== Your assignment ==
Your copy must hold all of the data below, unchanged and without images.

== Records for the task ==
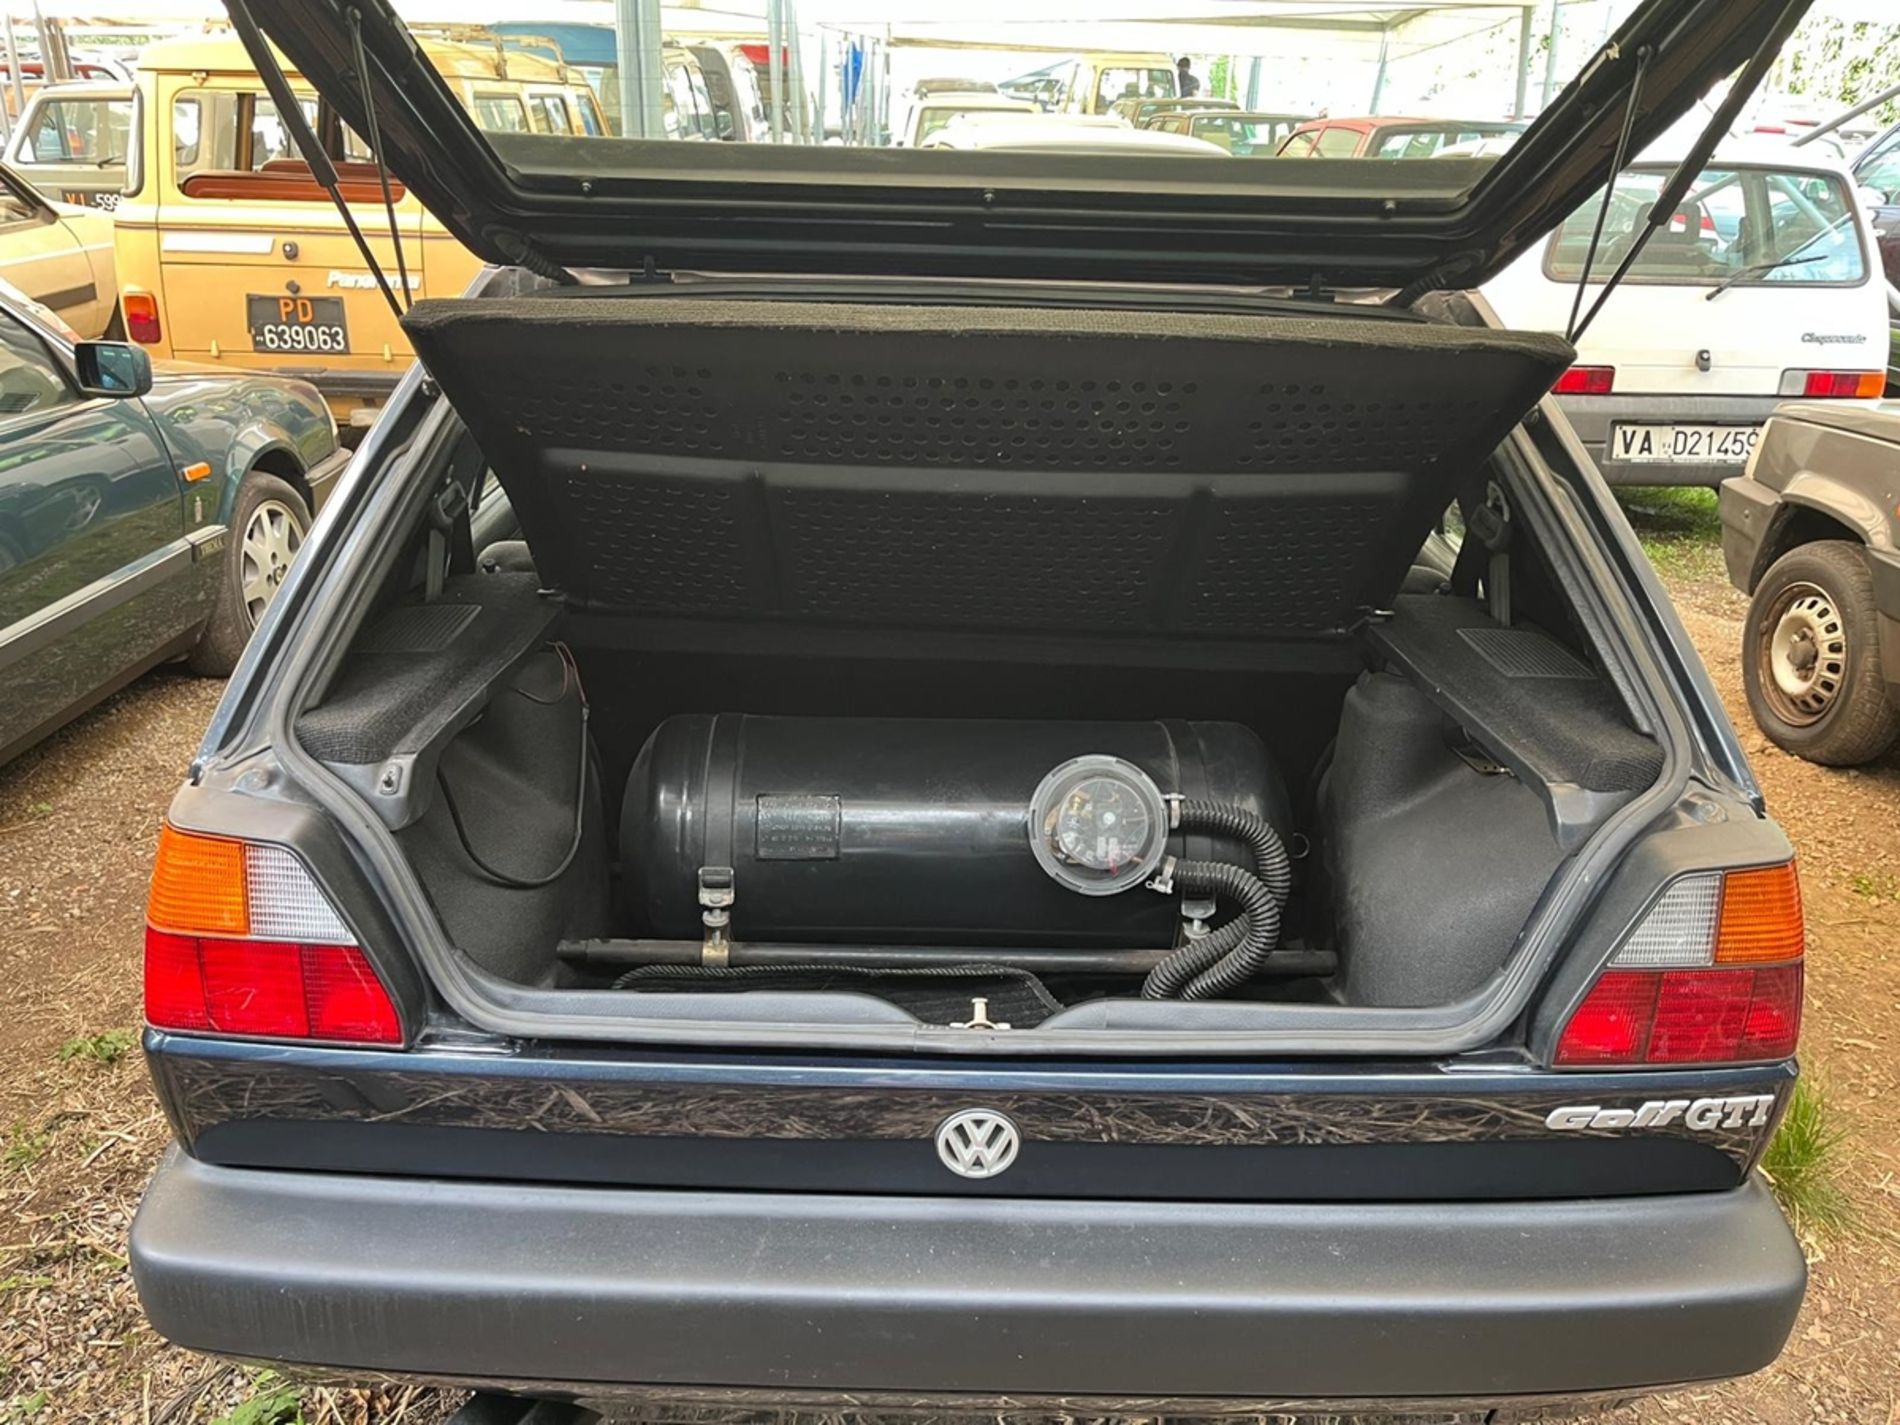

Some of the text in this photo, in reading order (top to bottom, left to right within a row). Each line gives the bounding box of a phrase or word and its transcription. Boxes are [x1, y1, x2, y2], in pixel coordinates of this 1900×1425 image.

[279, 297, 314, 323] PD
[263, 324, 346, 350] 639063
[1621, 430, 1653, 455] VA
[1545, 1094, 1776, 1131] Golf GTI
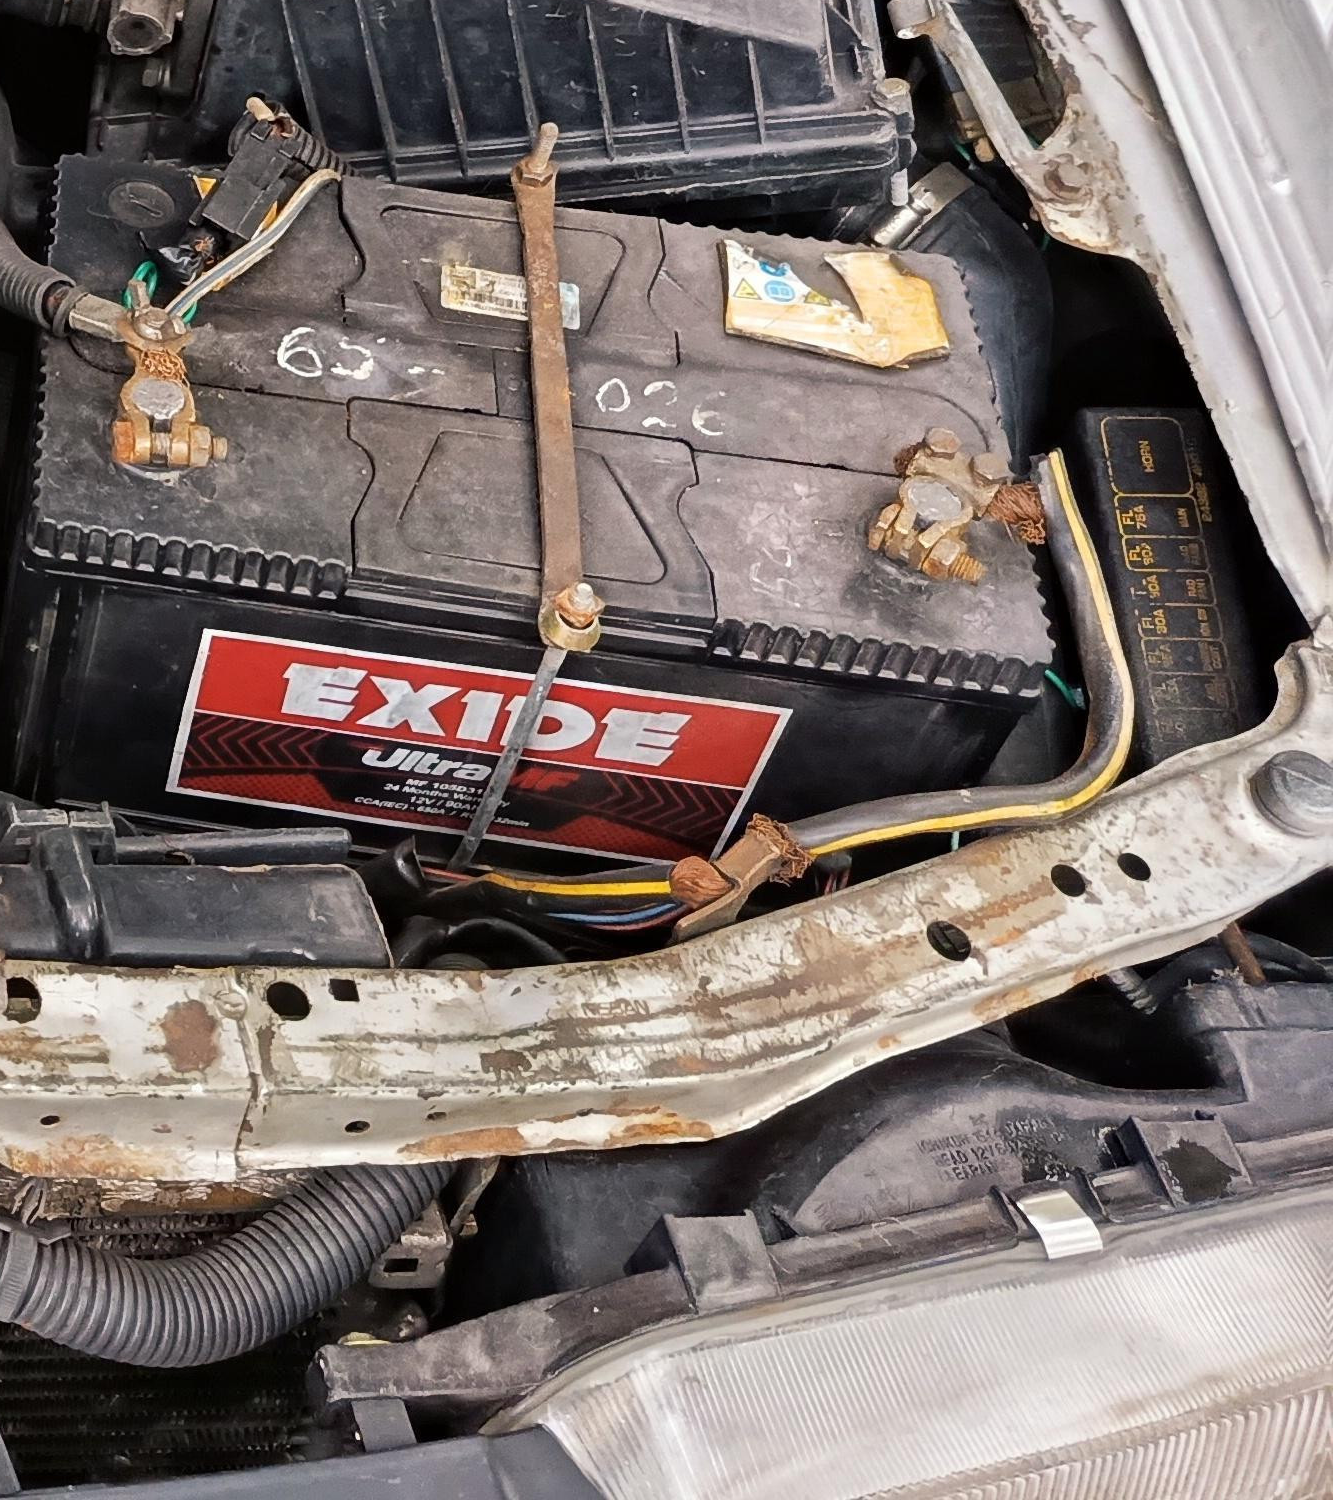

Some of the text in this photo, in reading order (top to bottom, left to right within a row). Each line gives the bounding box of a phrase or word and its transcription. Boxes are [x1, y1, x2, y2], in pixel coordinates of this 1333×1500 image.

== Reply to the exercise ==
Some of the text in this photo, in reading order (top to bottom, left to right within a row). Each line gives the bounding box of a phrase or word and its transcription. Boxes are [x1, y1, x2, y2], in pixel coordinates of this 1900×1425 image.

[279, 297, 314, 323] PD
[263, 324, 346, 350] 639063
[1621, 430, 1653, 455] VA
[1545, 1094, 1776, 1131] Golf GTI

Some of the text in this photo, in reading order (top to bottom, left to right within a row). Each line gives the bounding box of a phrase or word and its transcription. Boxes are [x1, y1, x2, y2], in pixel coordinates of this 1333×1500 image.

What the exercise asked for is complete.